Who the hell brings a 6pack to a party. I'm trying to make mistakes.
woke up to an overdrawn credit card. did you order the dawsons creek boxset last night?
i hope so.
I just witnessed two drunk midgets fighting over a graham cracker. I can die happy now.
The working title of my paper? "Tailgating: A Big Clusterfuck of Kids Who Dont Actually Give a Shit about Football"
Restaurants Roasting People Who Gave Them Negative Yelp Reviews (25 Pics)
I can't believe im sexting my roommate. This is really what my life has come to
No, I don't think your idea of offering shots in exchange for bonus points to your history professor at B-Dubs was a good idea. Especially after you later told him that you would "tap that" in regards to his wife.
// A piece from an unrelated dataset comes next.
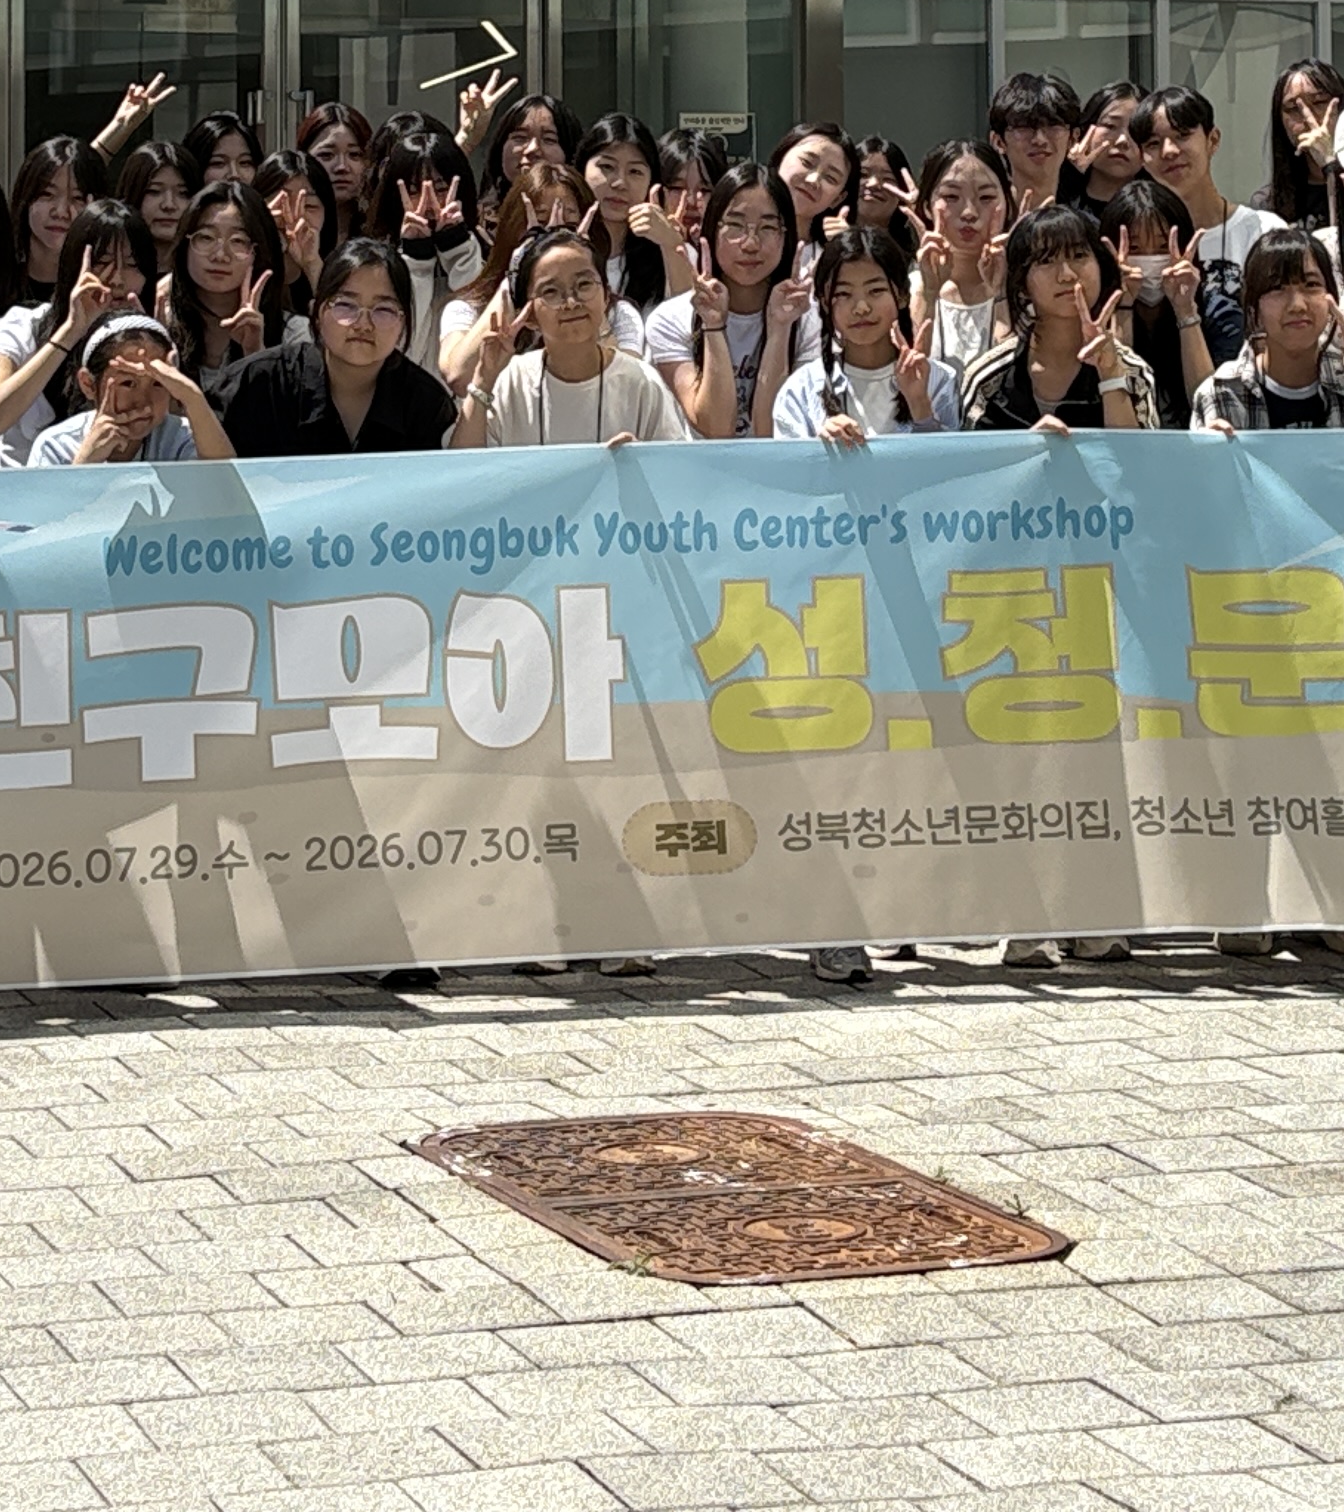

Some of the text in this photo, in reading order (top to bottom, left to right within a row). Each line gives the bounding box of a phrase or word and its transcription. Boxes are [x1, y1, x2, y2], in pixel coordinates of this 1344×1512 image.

[104, 496, 1135, 578] Welcome to Seongbuk Youth Center's workshop
[654, 819, 729, 858] 주최
[776, 798, 1123, 852] 성북청소년문화의집,
[1130, 795, 1235, 838] 청소년
You did that scary laugh you always do when you're blacking out except she's never heard it before and though you were choking and screamed at all of us when we didn't call an ambulance
I blew him while watching the aristocats. There were singing cats in the background. I think he he hummed along at one point.
She has this wild look other eyes like she wouldn't be afraid to commit a felony.
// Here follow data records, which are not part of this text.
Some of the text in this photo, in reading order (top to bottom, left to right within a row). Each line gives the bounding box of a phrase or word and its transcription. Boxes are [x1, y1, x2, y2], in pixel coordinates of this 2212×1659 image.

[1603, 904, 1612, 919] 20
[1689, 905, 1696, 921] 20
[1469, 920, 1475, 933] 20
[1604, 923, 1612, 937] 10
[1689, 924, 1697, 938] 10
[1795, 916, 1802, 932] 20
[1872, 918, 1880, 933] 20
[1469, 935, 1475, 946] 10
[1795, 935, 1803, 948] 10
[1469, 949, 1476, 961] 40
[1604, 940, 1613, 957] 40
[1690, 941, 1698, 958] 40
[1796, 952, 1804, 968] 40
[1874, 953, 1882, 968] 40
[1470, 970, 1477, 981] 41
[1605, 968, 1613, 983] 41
Woman Posts Harassing DMs From Creep Online, Now He’s Upset Because People Told His Mom
I fucked some frat guy. Then I found my brother after and made him take his shirt off and then I made him tell me he loves me
I manage to fit my wine bottle in my koozie and the rest is history
I just gotta say that I feel so much better now that I got some. I mean I feel like a normal functioning adult ready to contribute to society.
he had DANDRUFF in his PUBES. 0/10 would not blow again.
Thanks for wearing matching bob ross shirts to the bar with me and referring to every guy as a happy little accident
Had a one night stand and didnt remember the guys name until he started sending me poems in the mail.